§ THE RECORDS
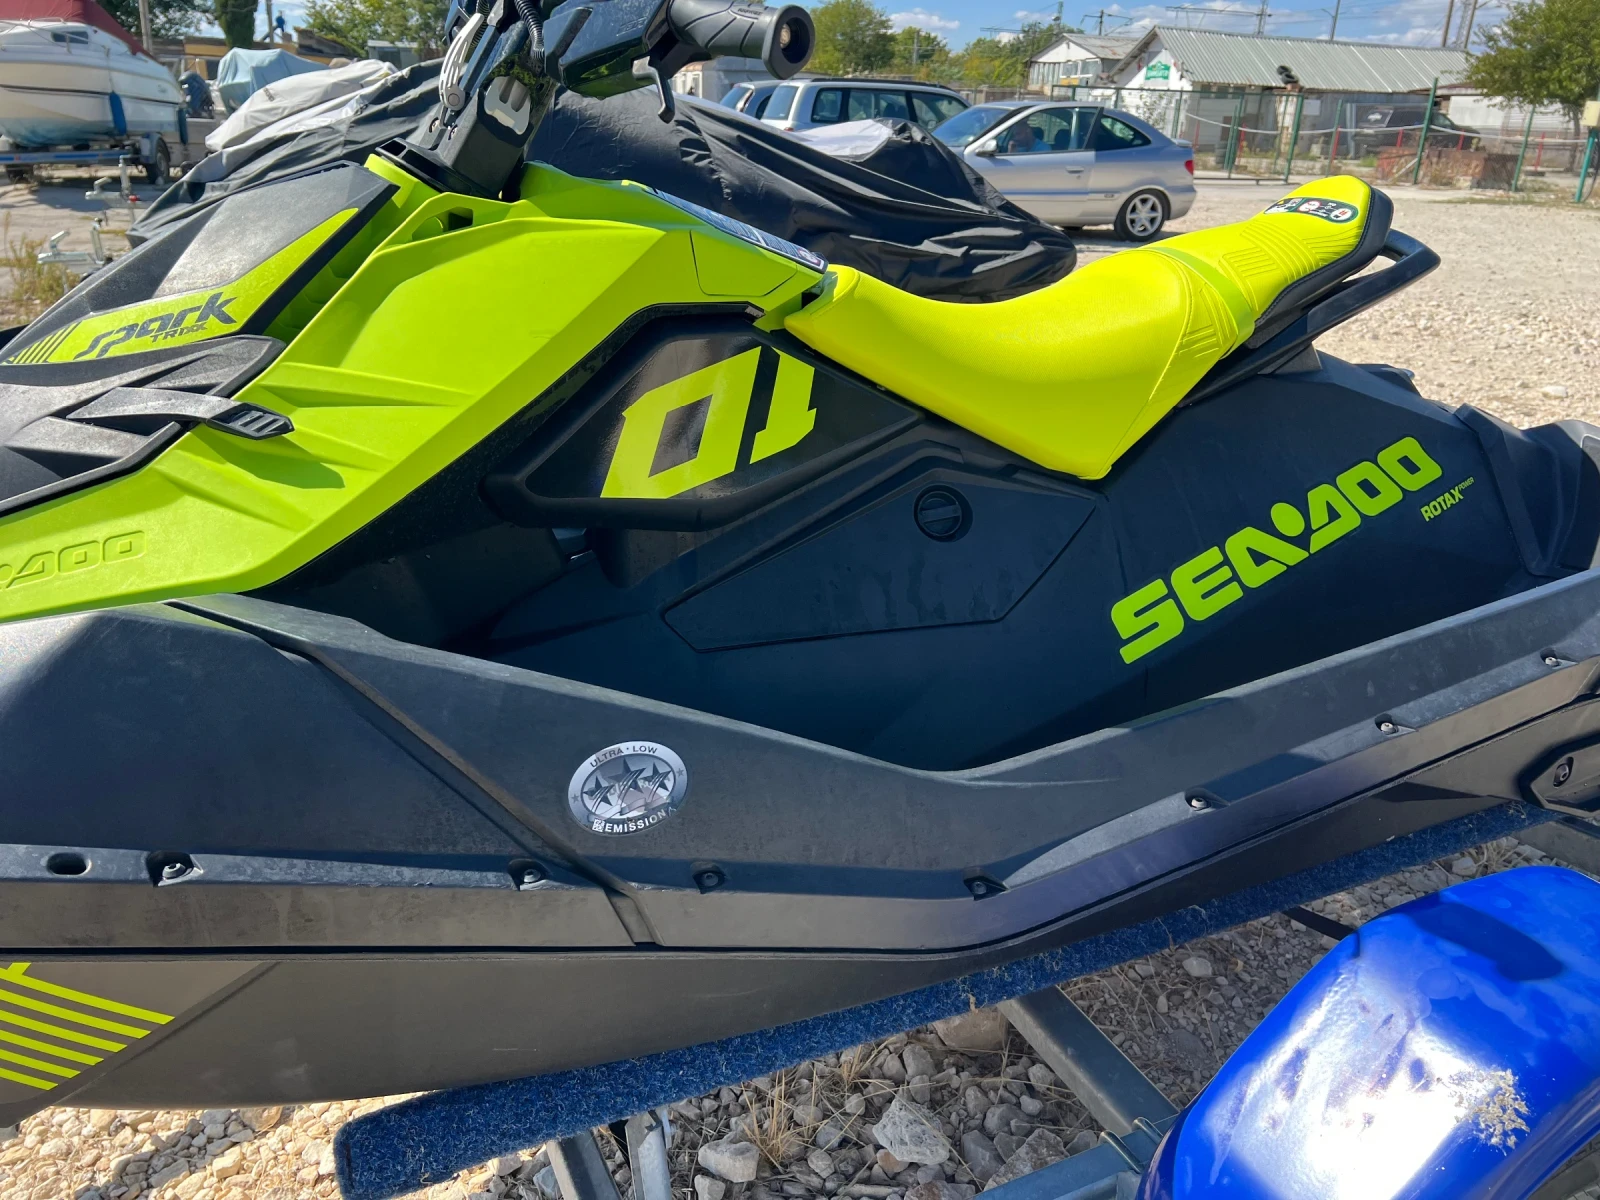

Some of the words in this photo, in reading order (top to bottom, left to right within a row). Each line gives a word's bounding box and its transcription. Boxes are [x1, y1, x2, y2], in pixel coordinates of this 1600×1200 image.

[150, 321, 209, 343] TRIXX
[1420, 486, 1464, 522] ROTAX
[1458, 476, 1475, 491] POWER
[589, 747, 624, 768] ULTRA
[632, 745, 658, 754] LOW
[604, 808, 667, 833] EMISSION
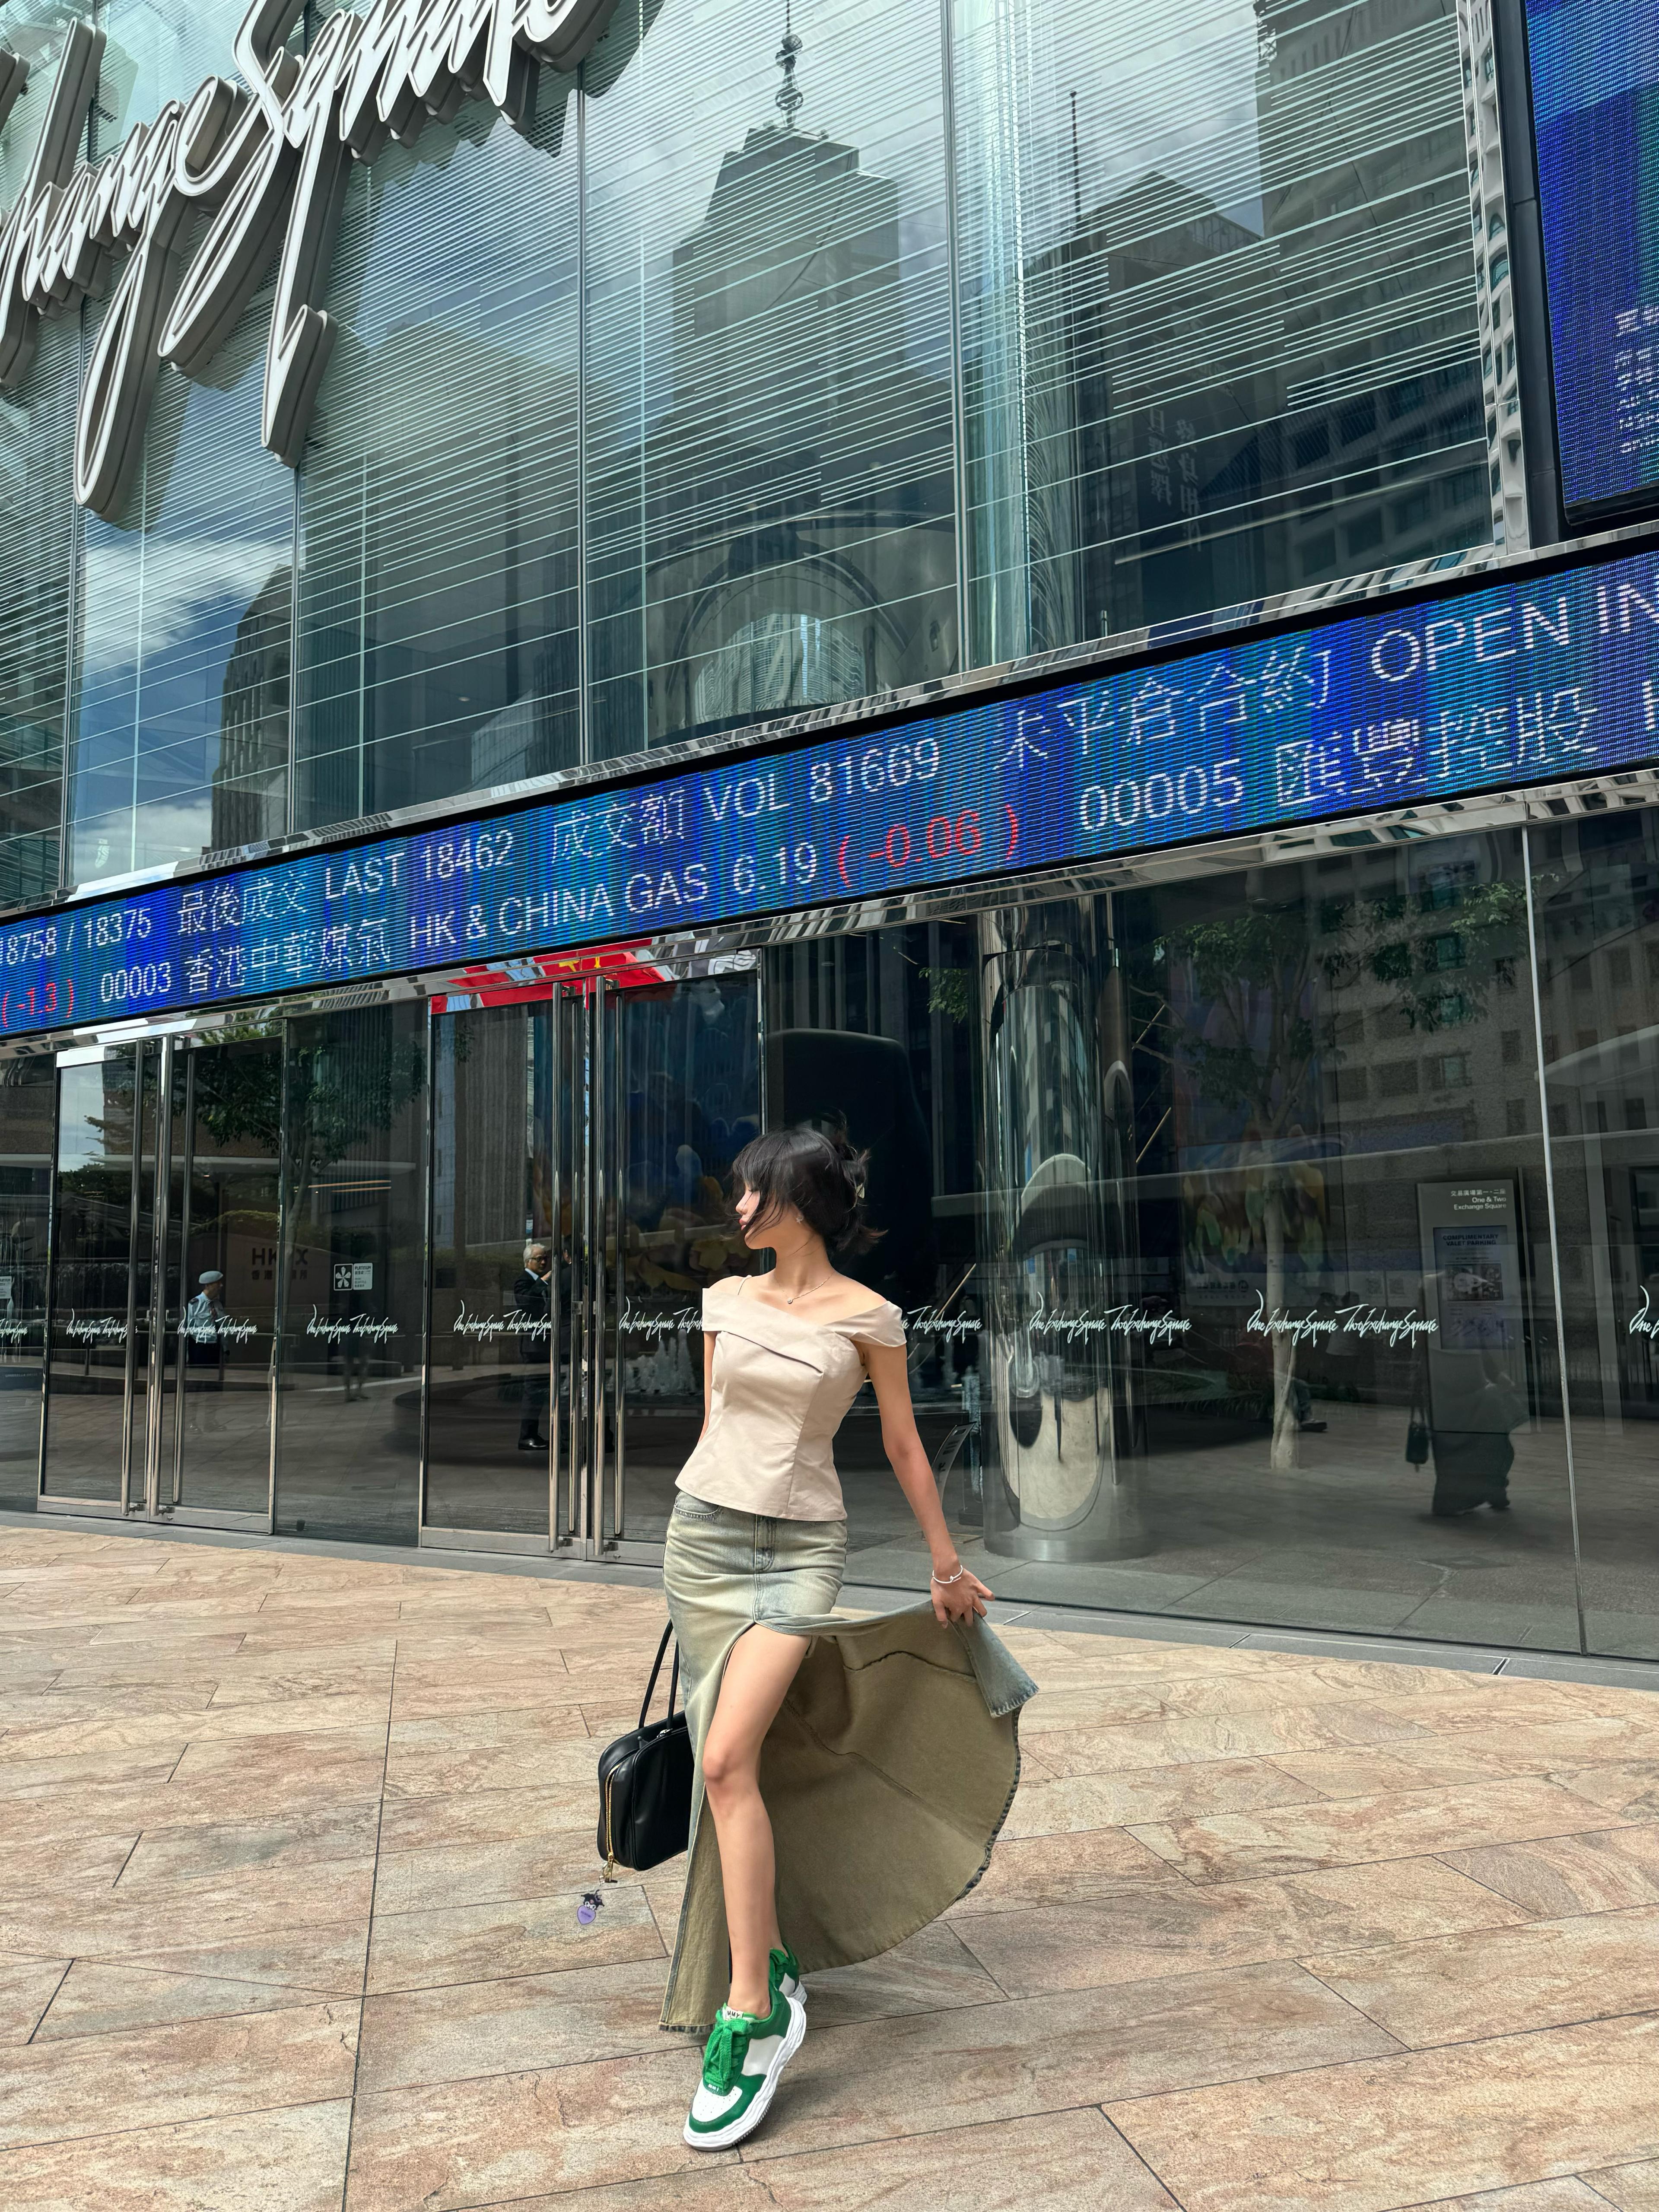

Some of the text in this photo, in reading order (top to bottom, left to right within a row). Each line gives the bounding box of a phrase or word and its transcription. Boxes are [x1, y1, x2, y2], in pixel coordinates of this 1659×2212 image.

§ EXERCISE
Please print the entries shown above again, exactly, and skip the pictures.

§ RESULT OF THIS EXERCISE
Some of the words in this photo, in reading order (top to bottom, left to right within a row). Each line gives a word's bounding box and its transcription. Boxes are [x1, y1, x2, y2], in pixel coordinates of this 1600×1200 image.

[150, 321, 209, 343] TRIXX
[1420, 486, 1464, 522] ROTAX
[1458, 476, 1475, 491] POWER
[589, 747, 624, 768] ULTRA
[632, 745, 658, 754] LOW
[604, 808, 667, 833] EMISSION

Some of the text in this photo, in reading order (top to bottom, left to right within a row). Each line gives the bounding box of a phrase or word and its transcription. Boxes are [x1, y1, x2, y2], in pixel coordinates of this 1659×2212 image.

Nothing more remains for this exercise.